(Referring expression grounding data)
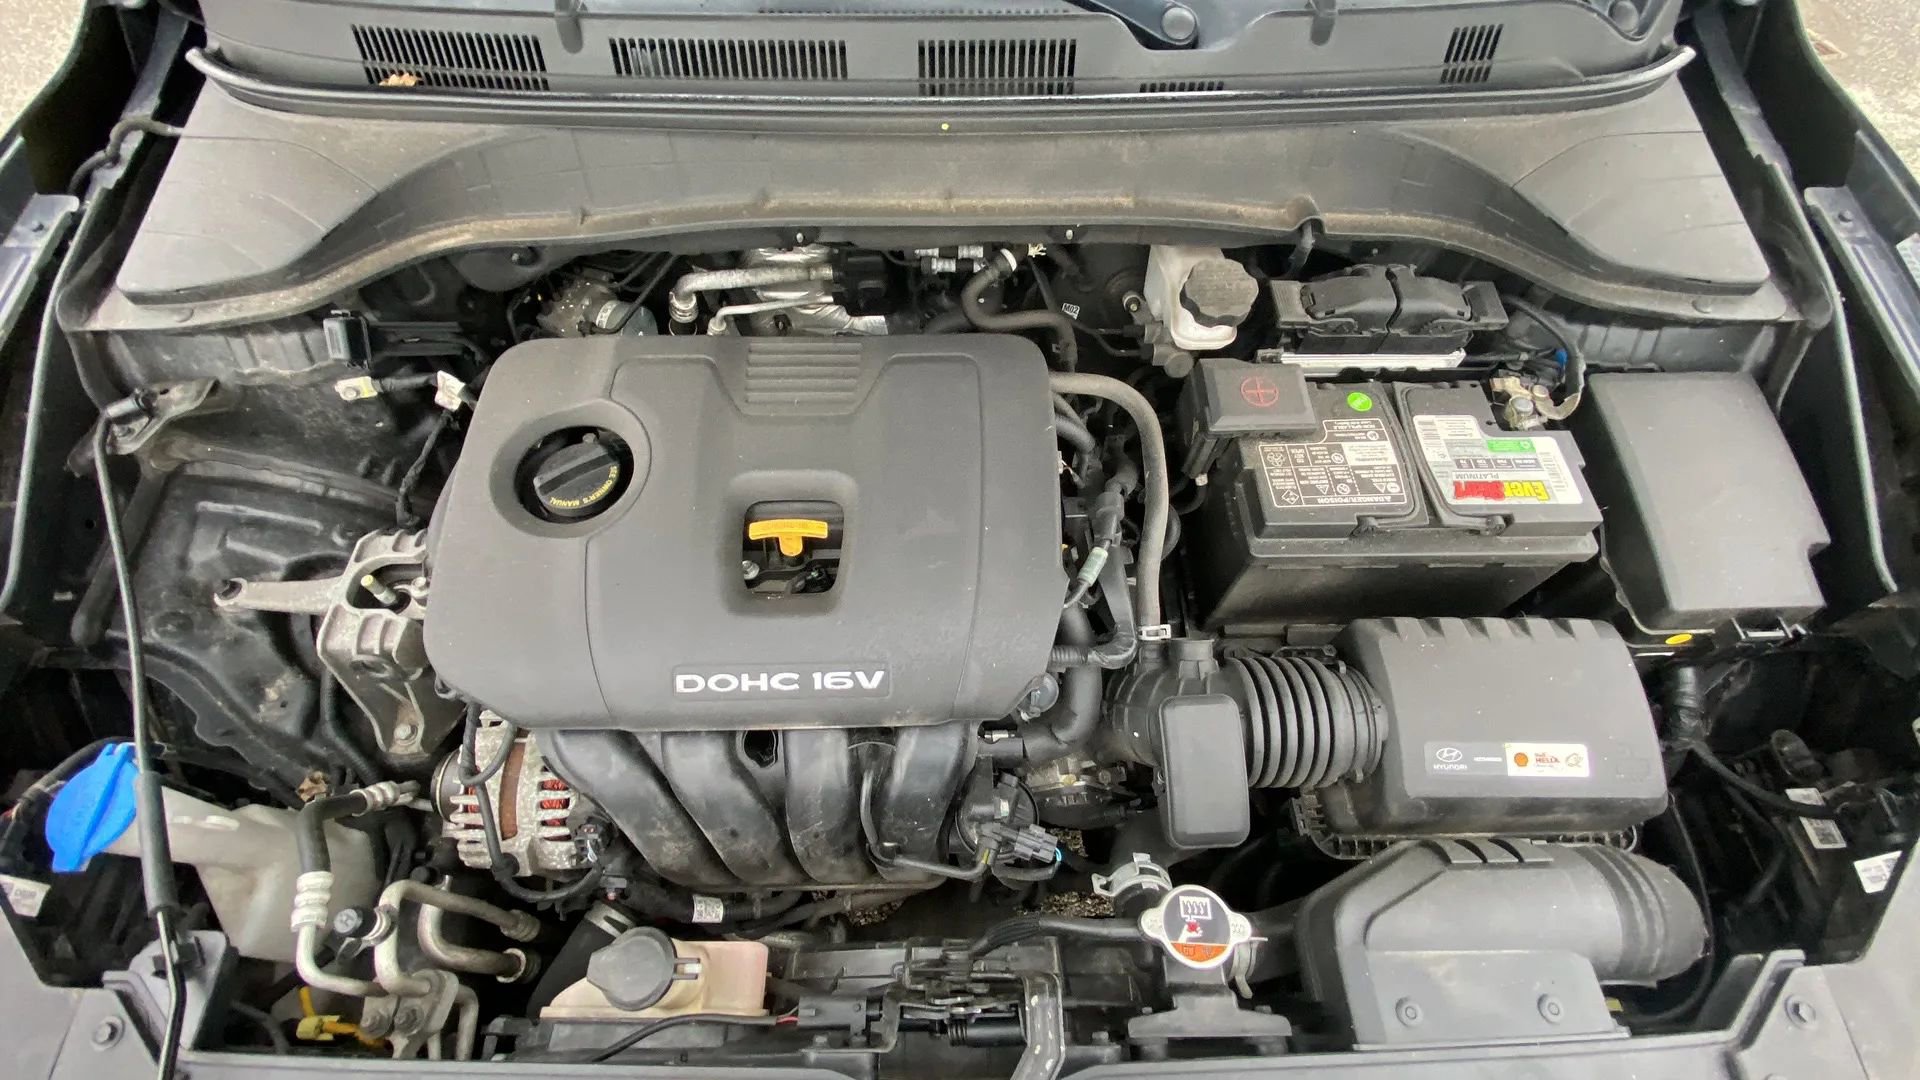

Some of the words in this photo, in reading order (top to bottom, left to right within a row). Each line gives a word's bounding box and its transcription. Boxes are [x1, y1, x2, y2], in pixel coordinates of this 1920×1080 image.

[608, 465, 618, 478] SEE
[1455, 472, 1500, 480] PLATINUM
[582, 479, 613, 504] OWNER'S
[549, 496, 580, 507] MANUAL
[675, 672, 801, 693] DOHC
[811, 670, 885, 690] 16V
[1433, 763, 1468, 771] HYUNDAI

**ASSIGNMENT:** Output the entries above verbatim, leaving out images.

**THE COMPLETED TASK:**
Some of the words in this photo, in reading order (top to bottom, left to right within a row). Each line gives a word's bounding box and its transcription. Boxes are [x1, y1, x2, y2], in pixel coordinates of this 1920×1080 image.

[608, 465, 618, 478] SEE
[1455, 472, 1500, 480] PLATINUM
[582, 479, 613, 504] OWNER'S
[549, 496, 580, 507] MANUAL
[675, 672, 801, 693] DOHC
[811, 670, 885, 690] 16V
[1433, 763, 1468, 771] HYUNDAI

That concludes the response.